(Excerpted data begins)

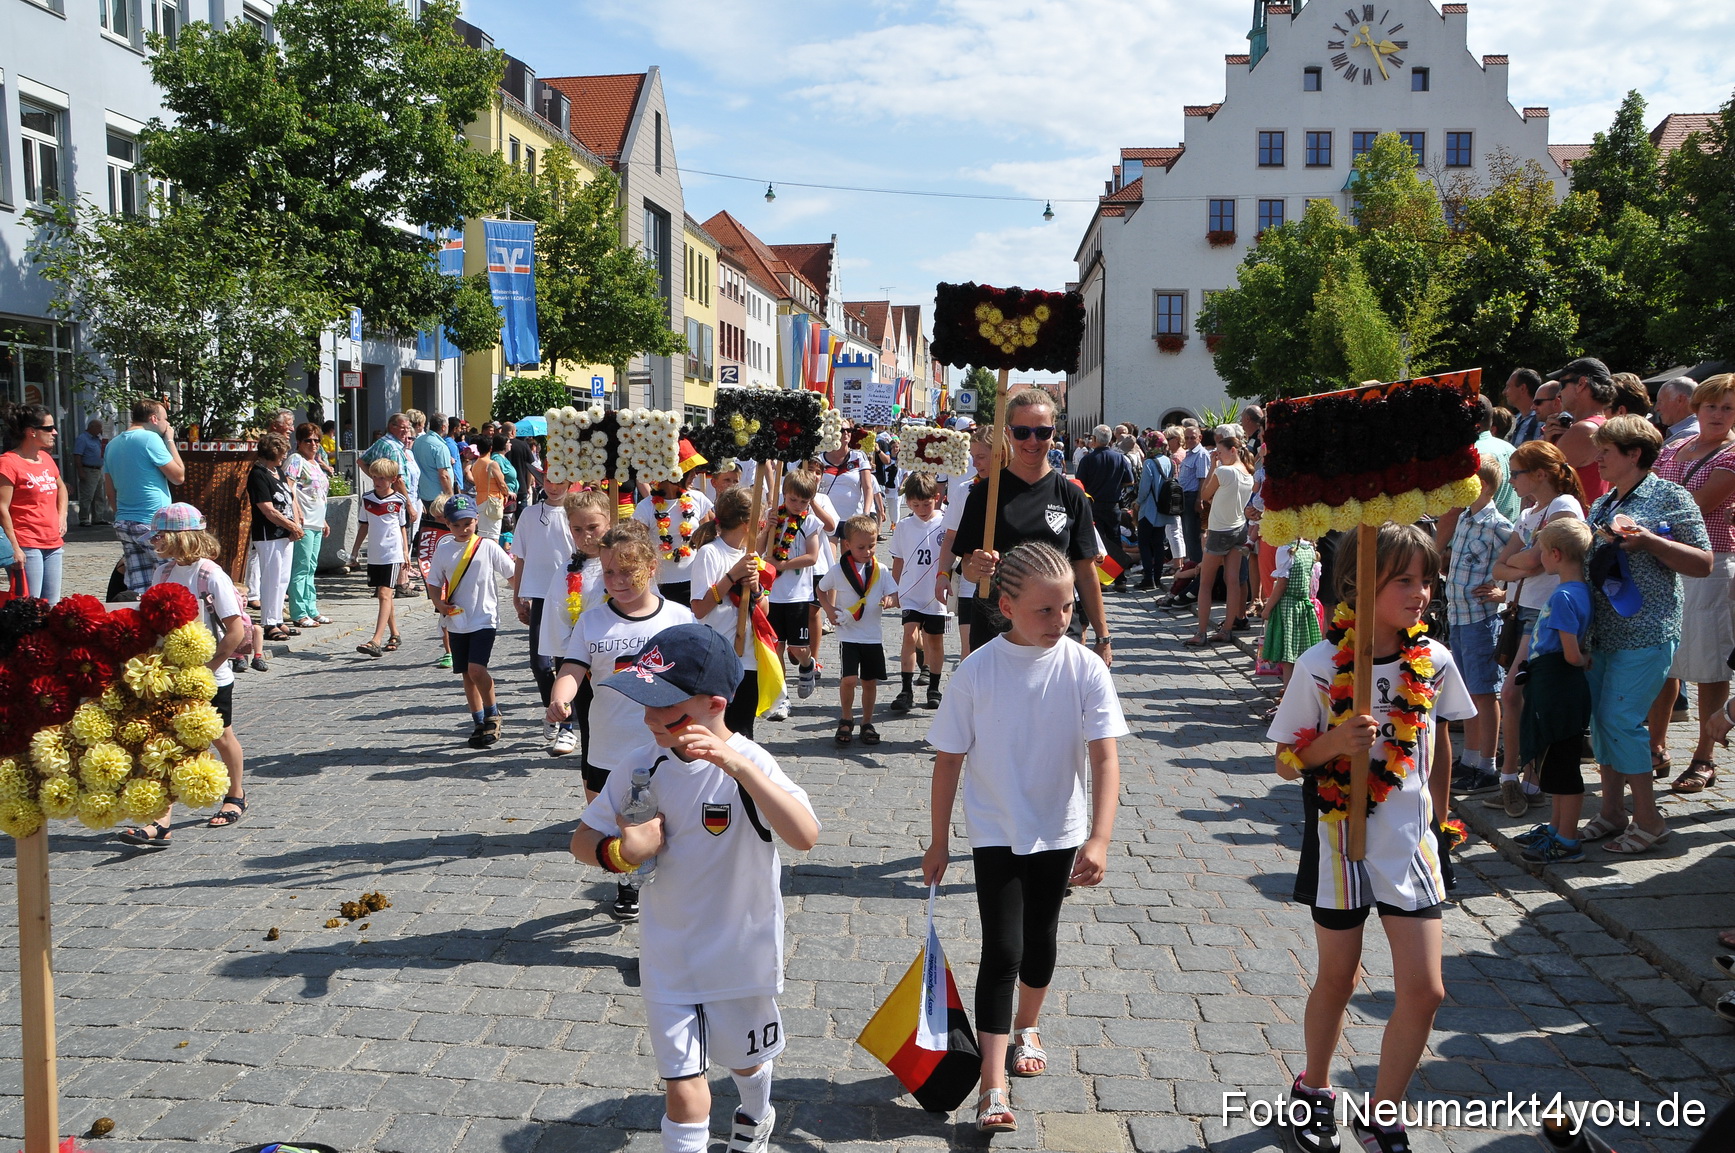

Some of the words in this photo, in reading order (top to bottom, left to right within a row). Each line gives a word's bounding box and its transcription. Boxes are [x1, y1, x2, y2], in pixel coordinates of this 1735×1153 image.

[353, 311, 359, 337] P
[593, 379, 602, 395] P
[917, 549, 932, 565] 23
[799, 627, 809, 640] 10
[746, 1021, 779, 1056] 10
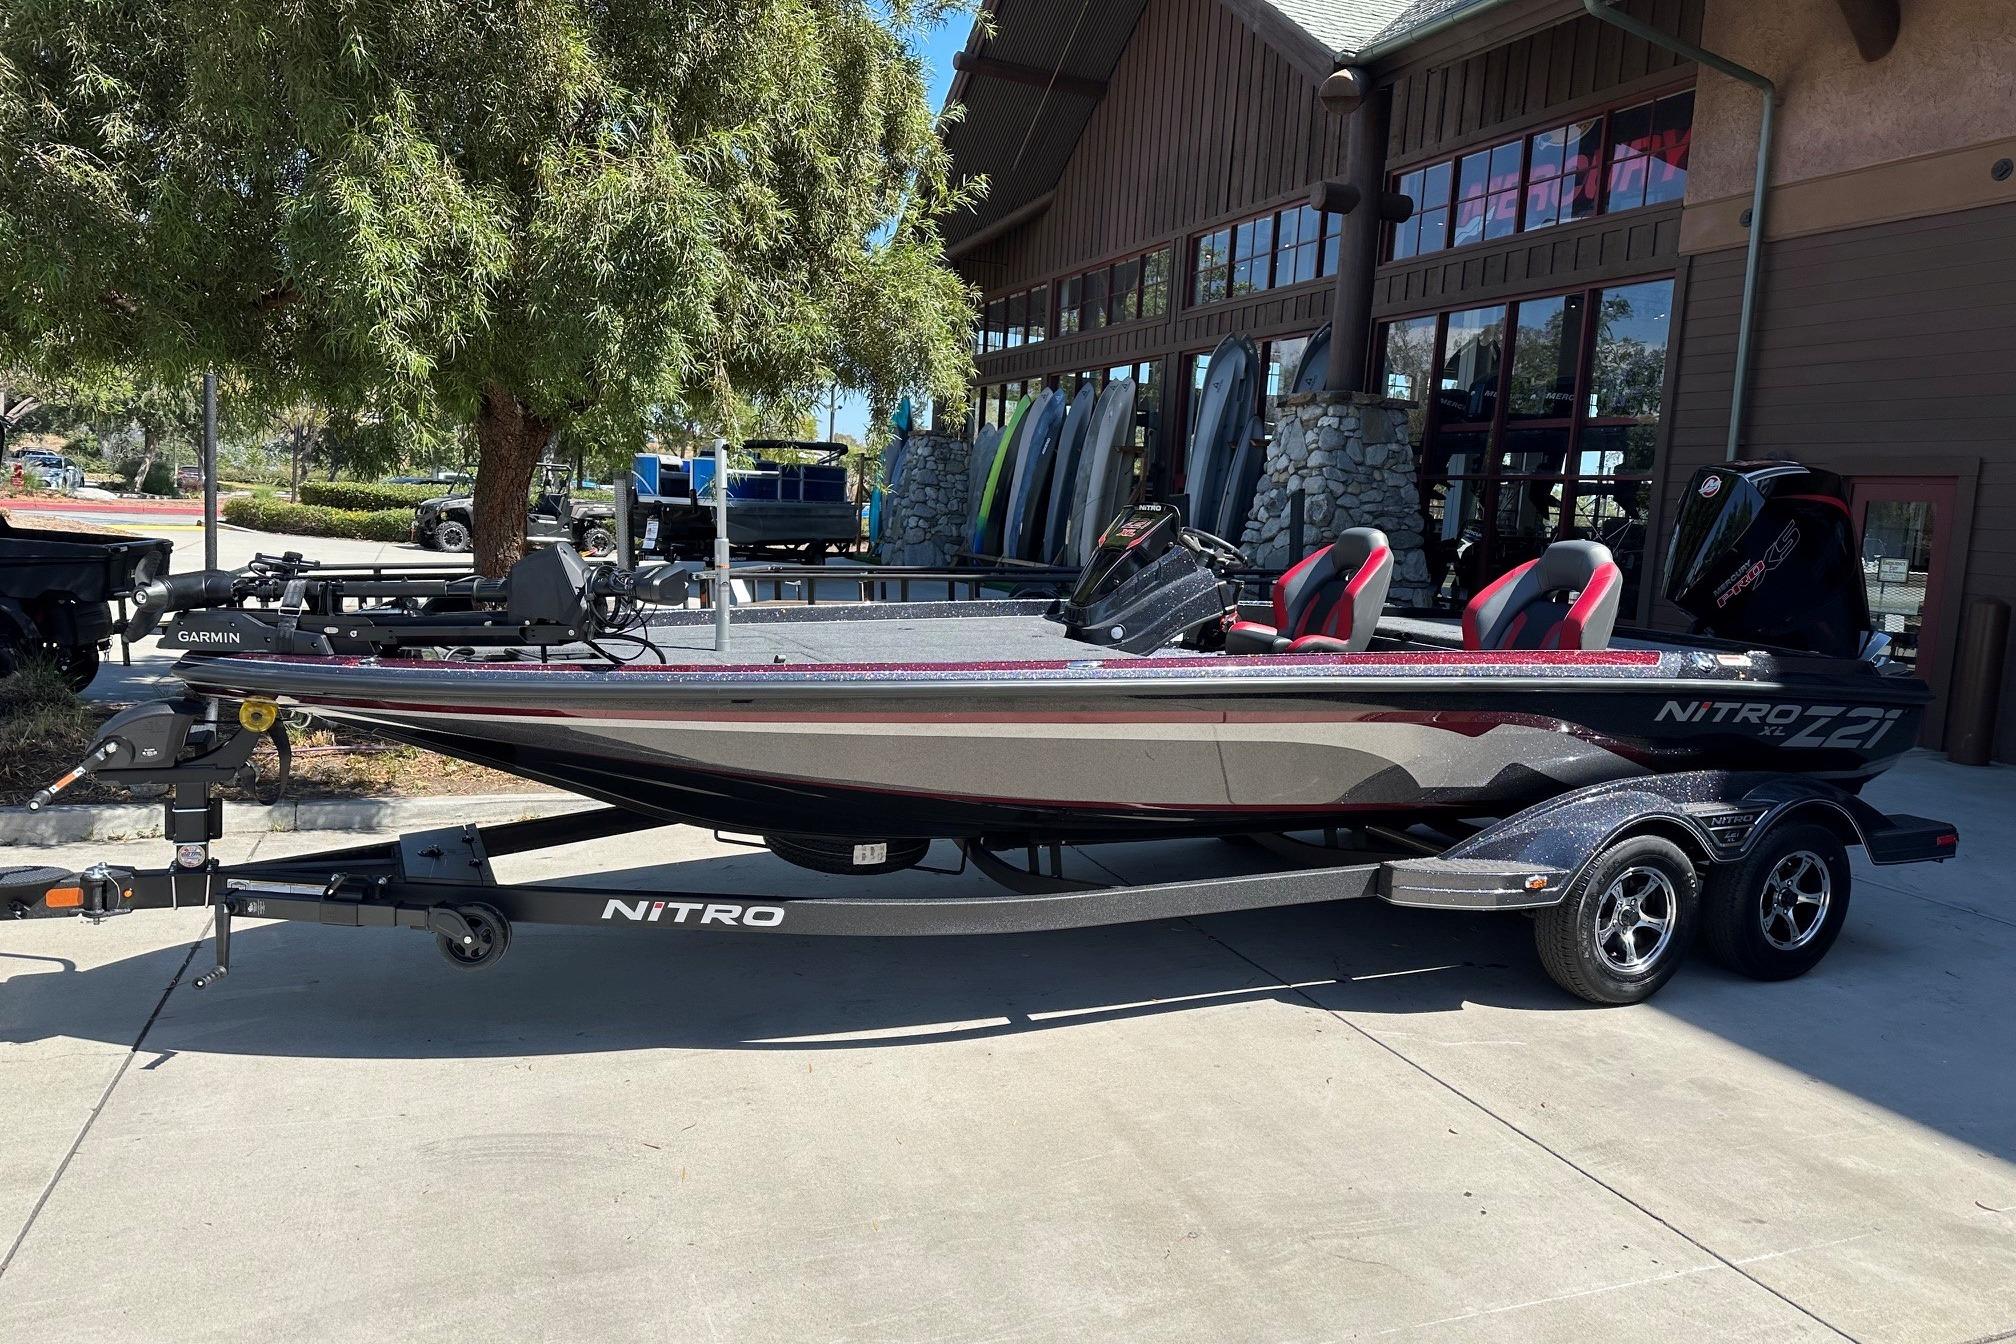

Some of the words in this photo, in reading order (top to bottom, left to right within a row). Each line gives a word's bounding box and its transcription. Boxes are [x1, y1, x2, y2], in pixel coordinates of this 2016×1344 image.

[1460, 127, 1691, 224] MERCURY
[1138, 504, 1162, 512] NITRO
[1717, 560, 1766, 608] PRO
[1752, 519, 1801, 591] XS
[1713, 559, 1751, 597] MERCURY
[178, 631, 240, 644] GARMIN
[1654, 700, 1803, 725] NITRO
[1779, 705, 1903, 749] Z21
[1757, 725, 1787, 736] XL
[1711, 814, 1754, 826] NITRO
[601, 899, 785, 927] NITRO
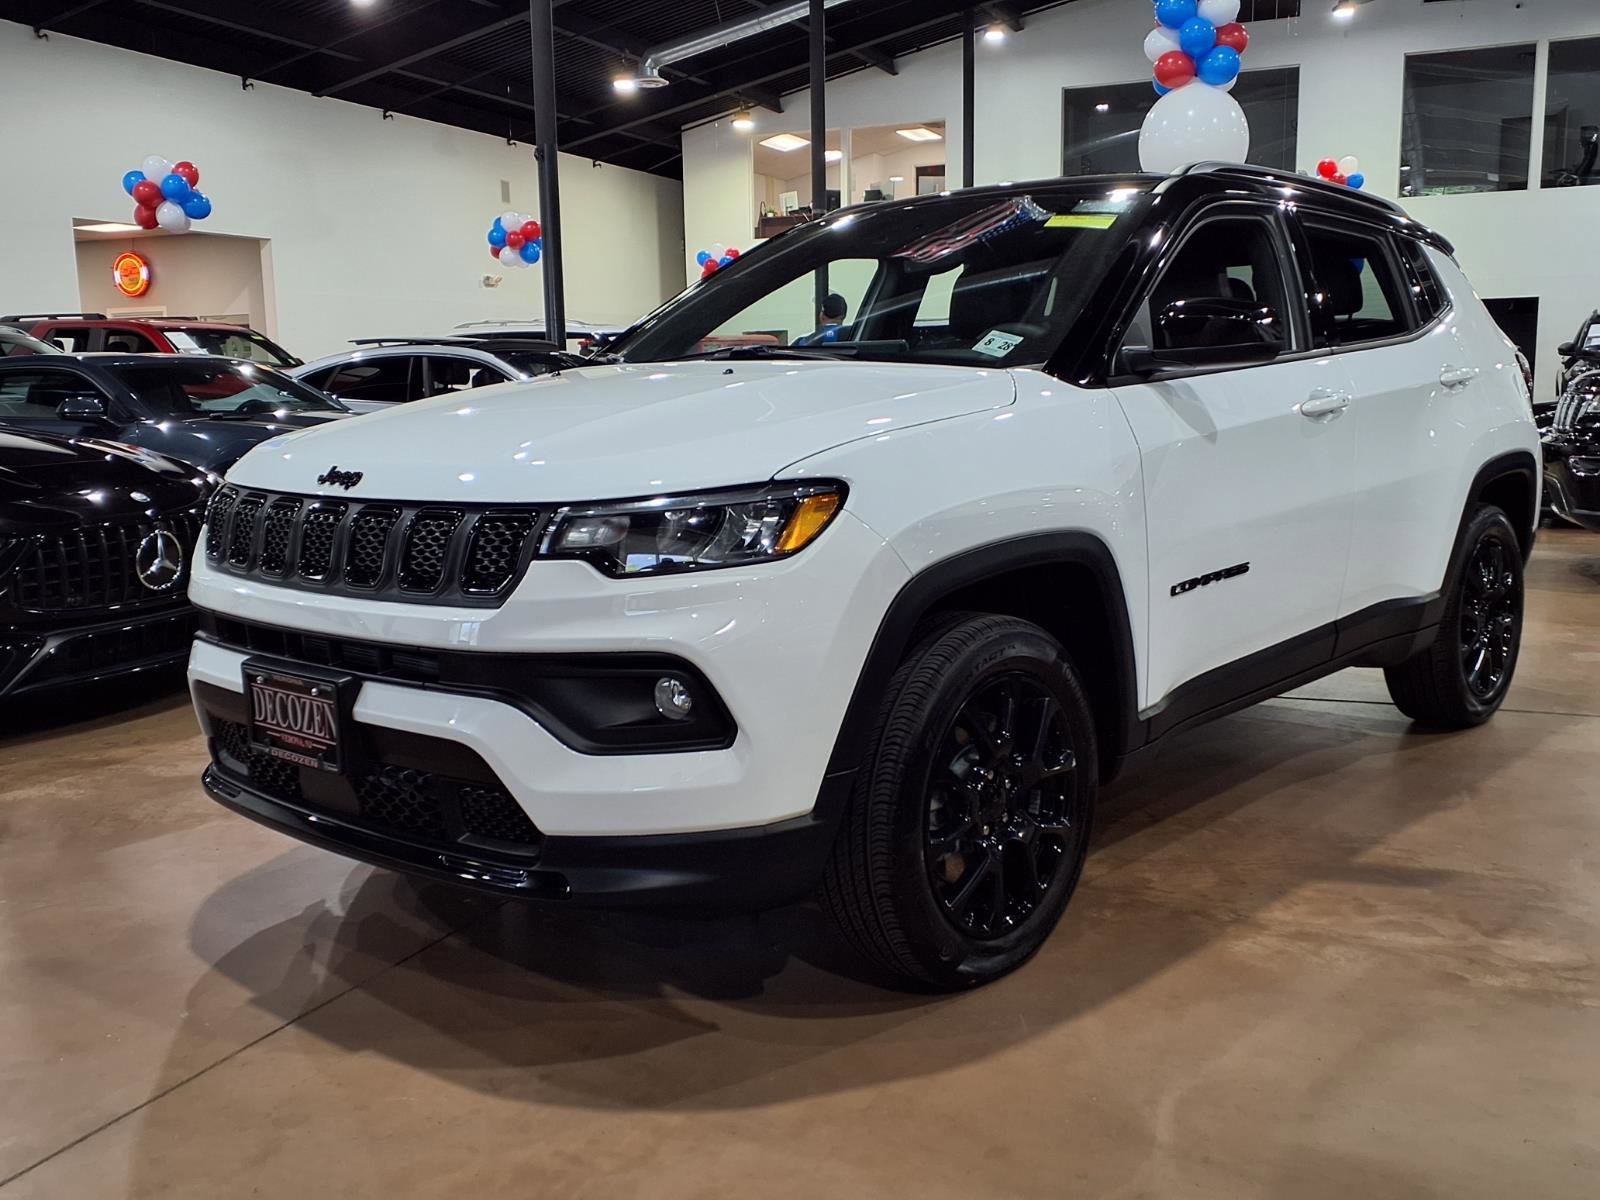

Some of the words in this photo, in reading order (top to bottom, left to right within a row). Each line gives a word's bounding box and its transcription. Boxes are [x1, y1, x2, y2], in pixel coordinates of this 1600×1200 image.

[984, 337, 995, 346] 8
[997, 341, 1014, 351] 28
[317, 466, 363, 491] Jeep
[1170, 561, 1250, 597] COMPASS
[252, 687, 337, 739] DECOZEN
[271, 749, 319, 769] DECOZEN

(Excerpted data ends)

Write out every line, unchanged, from the one containing "this 1600×1200 image." through the closing line of the data.

▶ _Result_:
Some of the words in this photo, in reading order (top to bottom, left to right within a row). Each line gives a word's bounding box and its transcription. Boxes are [x1, y1, x2, y2], in pixel coordinates of this 1600×1200 image.

[984, 337, 995, 346] 8
[997, 341, 1014, 351] 28
[317, 466, 363, 491] Jeep
[1170, 561, 1250, 597] COMPASS
[252, 687, 337, 739] DECOZEN
[271, 749, 319, 769] DECOZEN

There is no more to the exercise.